Siglo xix

En 1800 la corporación solicita a su Majestad el Rey Carlos IV poder llevar durante la estación de penitencia el traje de nazareno de color morado con el rostro cubierto, derecho que adquiere la Hermandad por Real Orden de 13 de abril de 1805.

La Santa Mujer Verónica es tallada por Juan Bautista Patrone y Quartín en los años 1800 y 1801.

En 1803 la Hermandad queda agregada por quince años a la Basílica de San Juan de Letrán en Roma, gracia que en 1817 se hizo perpetua.

En el año 1805 el paso de la Virgen del Valle saca el palio del siglo XVII adquirido a la extinguida Hermandad de la Antigua y Siete Dolores. Asimismo el paso de la Calle de la Amargura presenta la novedad del grupo de mujeres que esculpió Juan B. Petroni.

Desde 1807, en la estación de penitencia, la Virgen del Valle va acompañada en su paso de palio por San Juan Evangelista y María Magdalena.

El Rey Carlos IV concede a la Hermandad en 1808 el derecho de usar el título de Real.
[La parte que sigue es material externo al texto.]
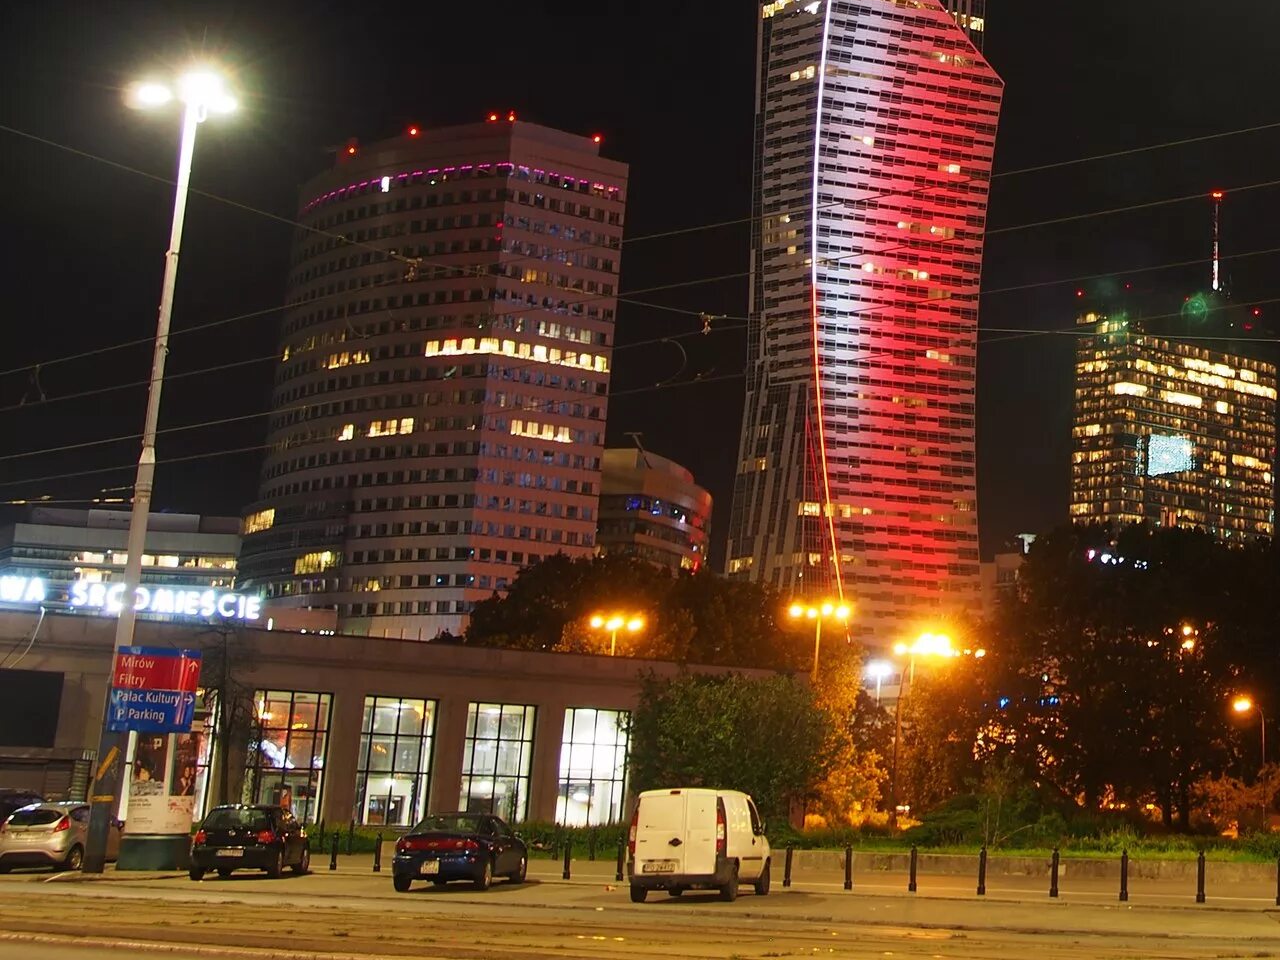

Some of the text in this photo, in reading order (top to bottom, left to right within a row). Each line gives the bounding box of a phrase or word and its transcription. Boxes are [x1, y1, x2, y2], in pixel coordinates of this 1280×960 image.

El propio Rey y su hijo Don Fernando ingresan como hermanos en la Cofradía.

Con motivo de la invasión del ejército francés de Napoleón Bonaparte y la llegada de las fuerzas a Sevilla en 1810, las hermandades pierden sus mejores riquezas y muchas desaparecen al cerrarse las iglesias en las que tenían su sede. Ese mismo año la Hermandad se traslada a la Iglesia de San Román, pasando al poco tiempo a la Iglesia de los Menores, donde labró un altar para sus Sagrados Titulares.

La visita de José Bonaparte a Sevilla para presenciar las procesiones de Semana Santa hace que la mayoría de las hermandades se pongan de acuerdo en no hacer la estación de penitencia, circunstancia que se repite en los años 1811 y 1812.

En 1816 la Hermandad vuelve de nuevo al Convento del Valle.

Por su antigüedad, en 1817, el Papa Pío VII concede a la Hermandad el privilegio de usar el Título de Archicofradía, primero que se concede a una hermandad de Sevilla, y en 1825 el Papa León XII le otorga el Título de Pontificia.

Conflictos con las autoridades políticas del Gobierno Liberal, instaurado a partir del golpe de estado de 1820, provocan que las cofradías de Sevilla dejen de efectuar la estación de penitencia hasta la Semana Santa de 1825.

En la Semana Santa de 1828, la Virgen del Valle hace la estación de penitencia sola en su paso de palio, sin el acompañamiento de San Juan y la Magdalena.

En el año 1829 la Hermandad se traslada a la Parroquia de San Andrés, instalándose en la Capilla de la Purísima Concepción para el culto a los Sagrados Titulares.

En 1831 se prohíbe el uso del antifaz en los cortejos procesionales de la Semana Santa, lo que provocó que las Hermandades de Sevilla no realizaran la estación de penitencia.

El viernes 23 de marzo de 1855, la Hermandad celebra solemnemente la declaración del Dogma de la Inmaculada Concepción de María Santísima.

Los cambios políticos de 1868 y la resolución de la Junta Revolucionaria de suprimir varias parroquias de Sevilla, entre ellas la de San Andrés, hace que la Hermandad traslade sus Sagradas Imágenes a la Iglesia de San Román. Pasada esta situación, la Hermandad vuelve en 1870 a la Parroquia de San Andrés. En estos años desaparecen numeras hermandades y enseres procesionales.

En 1877 el Rey Alfonso XII y su familia presencian, desde un palco instalado en la Plaza de San Francisco, el paso de las cofradías del Jueves Santo. Diez años más tarde su madre, la Reina Isabel II, asiste desde el mismo lugar a los cortejos procesionales de Semana Santa de Sevilla.

El terremoto de 1888 provoca el hundimiento del cimborrio de la Santa Catedral de Sevilla, por lo que las hermandades hicieron penitencia ante un Altar instalado en la puerta principal de la catedral.

En 1890 se estrenan las nuevas andas del paso de la Calle de la Amargura, de estilo barroco.

En 1892 la Hermandad se traslada de la Parroquia de San Andrés a la Iglesia del Santo Ángel de los Padres Carmelitas.

Vicente Gómez Zarzuela compone en 1897 la marcha procesional “Virgen del Valle”, en memoria del cofrade y amigo Alberto Barrau Grande. El Jueves Santo de 1898, el paso de la Virgen lleva por primera vez una banda de música, que estrena la marcha procesional de Gómez Zarzuela.